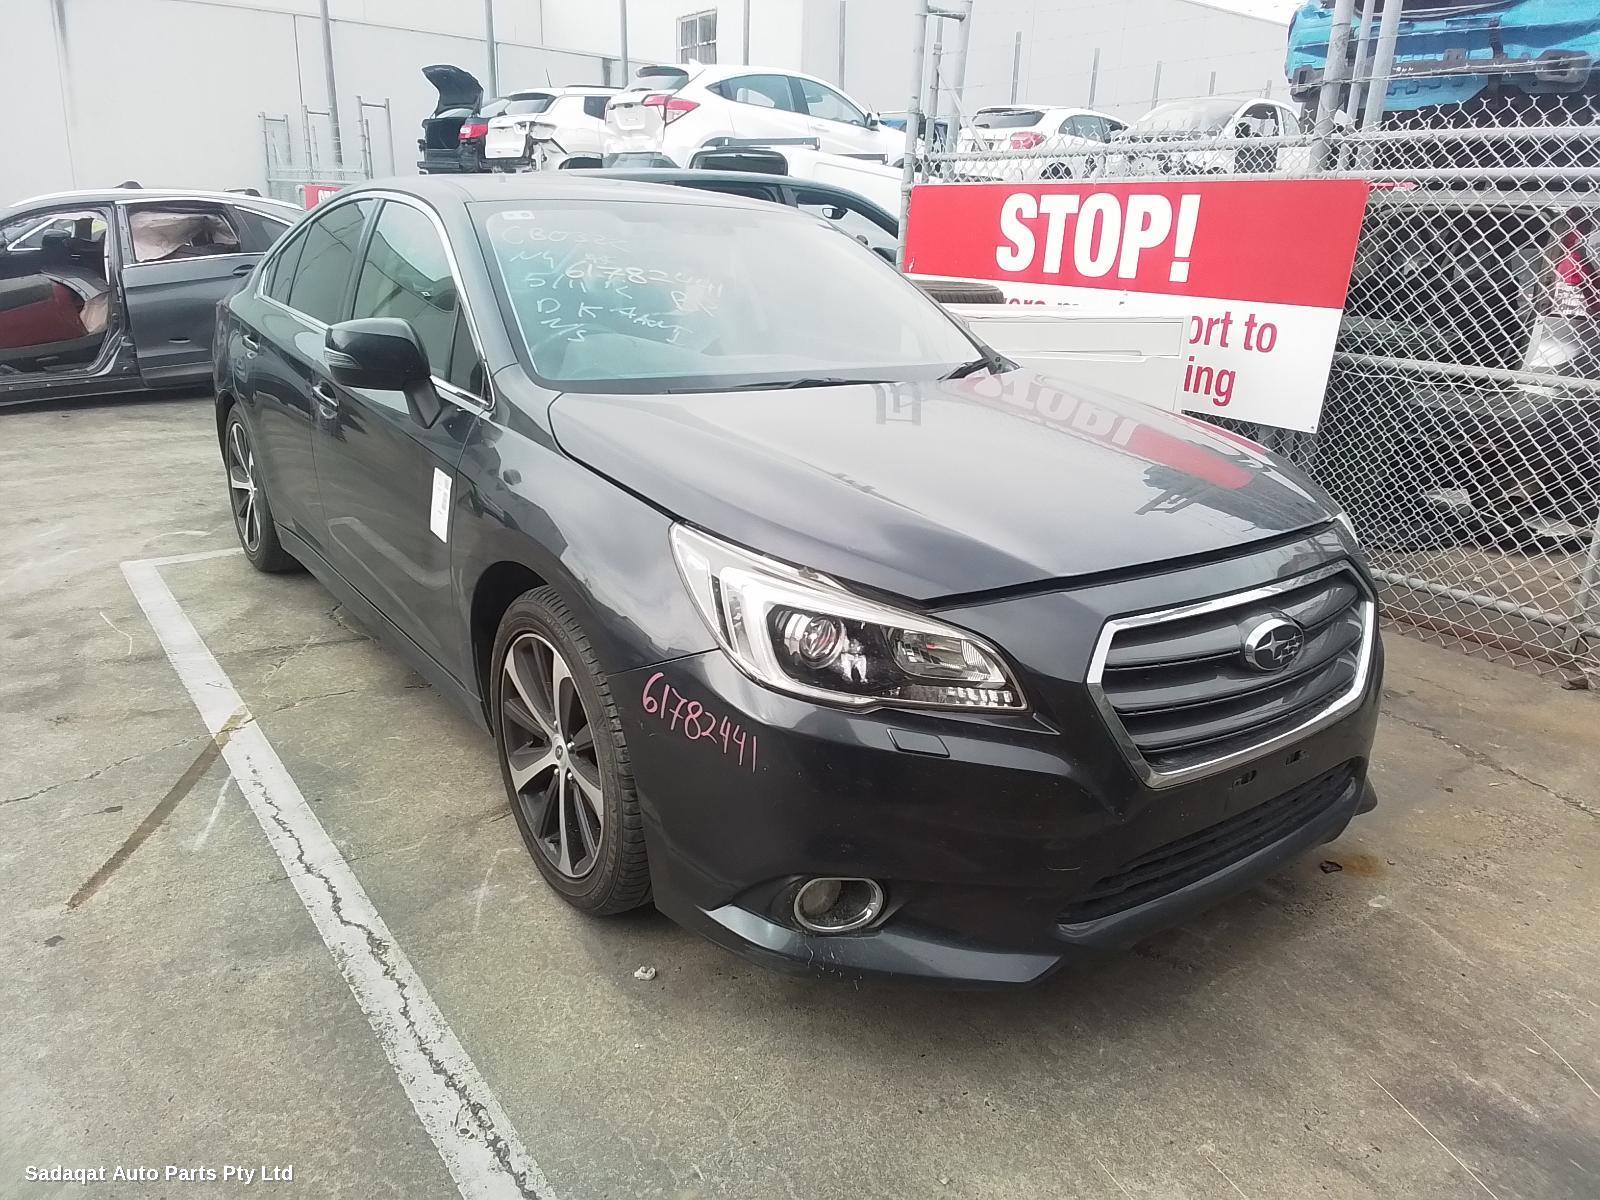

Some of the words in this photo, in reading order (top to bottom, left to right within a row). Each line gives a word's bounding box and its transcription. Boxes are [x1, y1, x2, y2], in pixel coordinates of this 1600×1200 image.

[995, 192, 1201, 283] STOP!
[1243, 314, 1278, 353] to
[1183, 356, 1236, 407] ing
[642, 671, 757, 773] 61782441
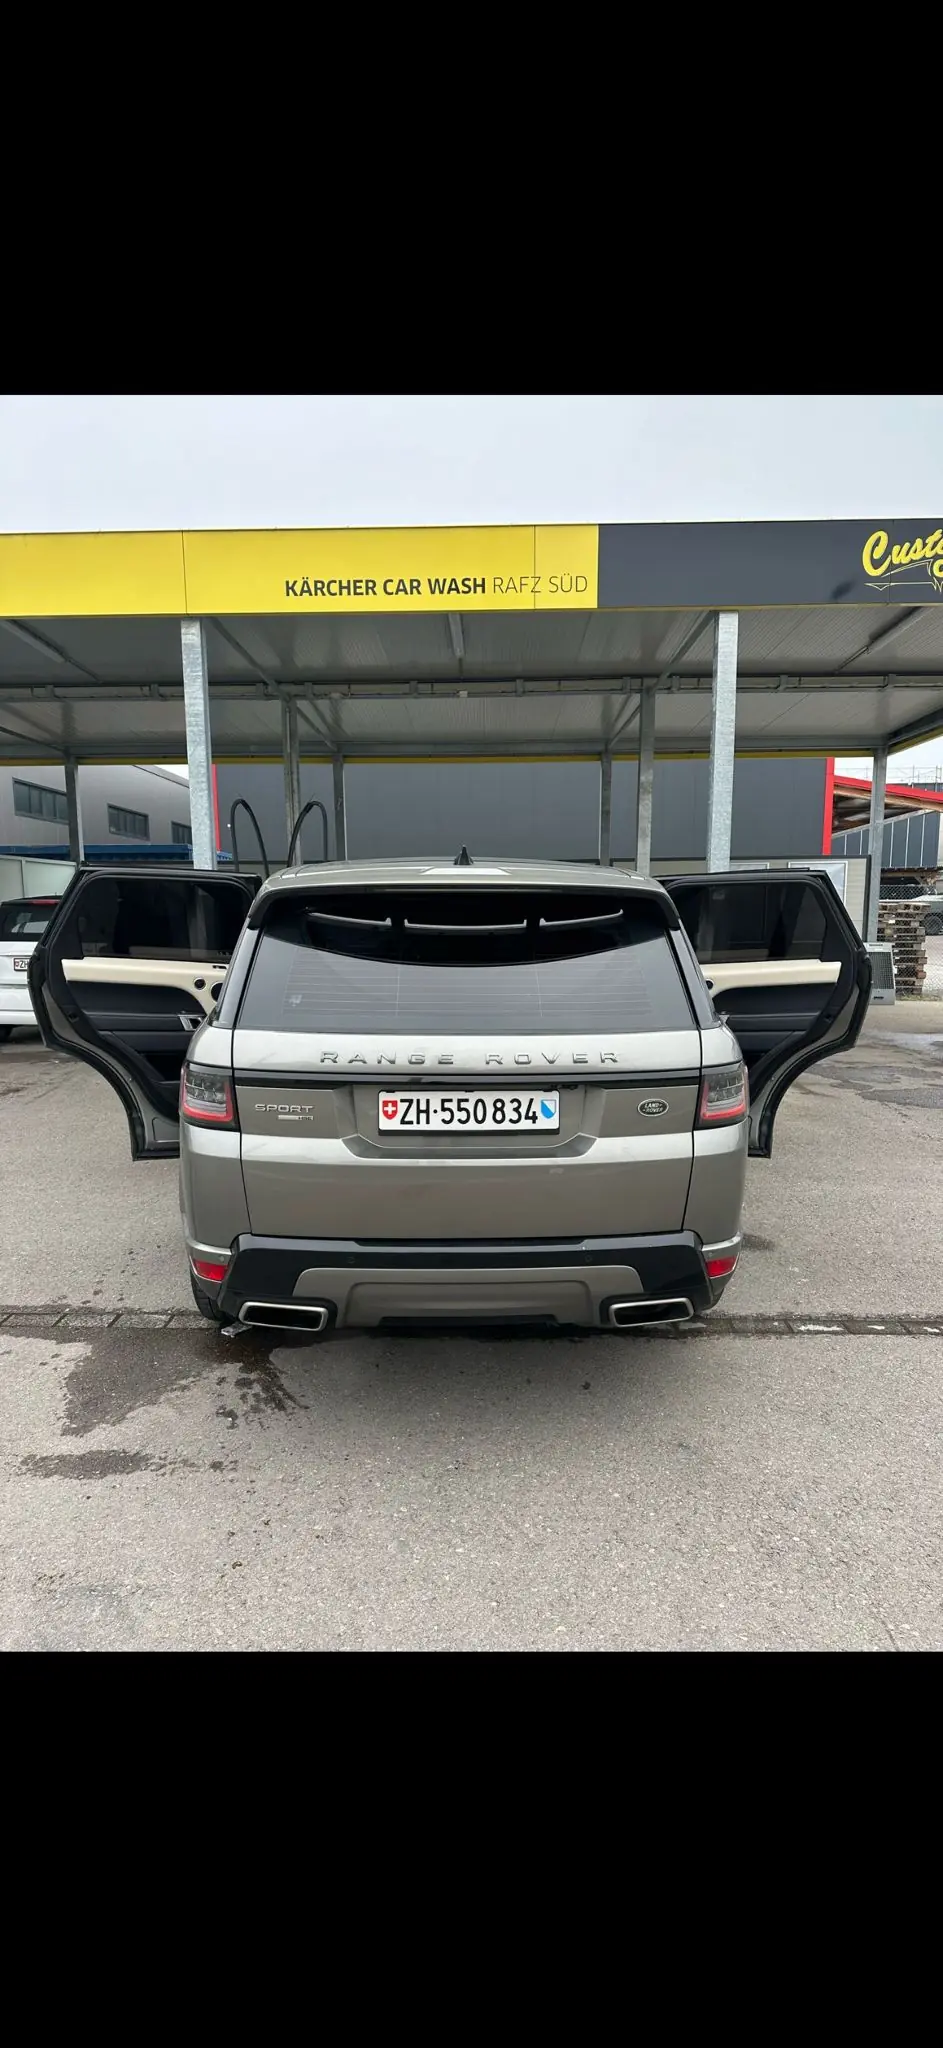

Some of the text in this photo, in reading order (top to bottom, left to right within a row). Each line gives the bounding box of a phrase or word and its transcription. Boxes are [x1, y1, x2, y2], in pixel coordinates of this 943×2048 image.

[285, 573, 588, 597] KÄRCHER CAR WASH RAFZ SÜD
[319, 1051, 619, 1065] RANGE ROVER
[254, 1103, 314, 1113] SPORT

★ ★ ★ ★ ★

→ Exercise prompt
Print all of the material exactly. Omit pictures.

→ Exercise answer
Some of the words in this photo, in reading order (top to bottom, left to right within a row). Each line gives a word's bounding box and its transcription. Boxes are [x1, y1, x2, y2], in pixel coordinates of this 1600×1200 image.

[995, 192, 1201, 283] STOP!
[1243, 314, 1278, 353] to
[1183, 356, 1236, 407] ing
[642, 671, 757, 773] 61782441

Some of the text in this photo, in reading order (top to bottom, left to right within a row). Each line gives the bounding box of a phrase or word and its transcription. Boxes are [x1, y1, x2, y2], in pixel coordinates of this 943×2048 image.

[285, 573, 588, 597] KÄRCHER CAR WASH RAFZ SÜD
[319, 1051, 619, 1065] RANGE ROVER
[254, 1103, 314, 1113] SPORT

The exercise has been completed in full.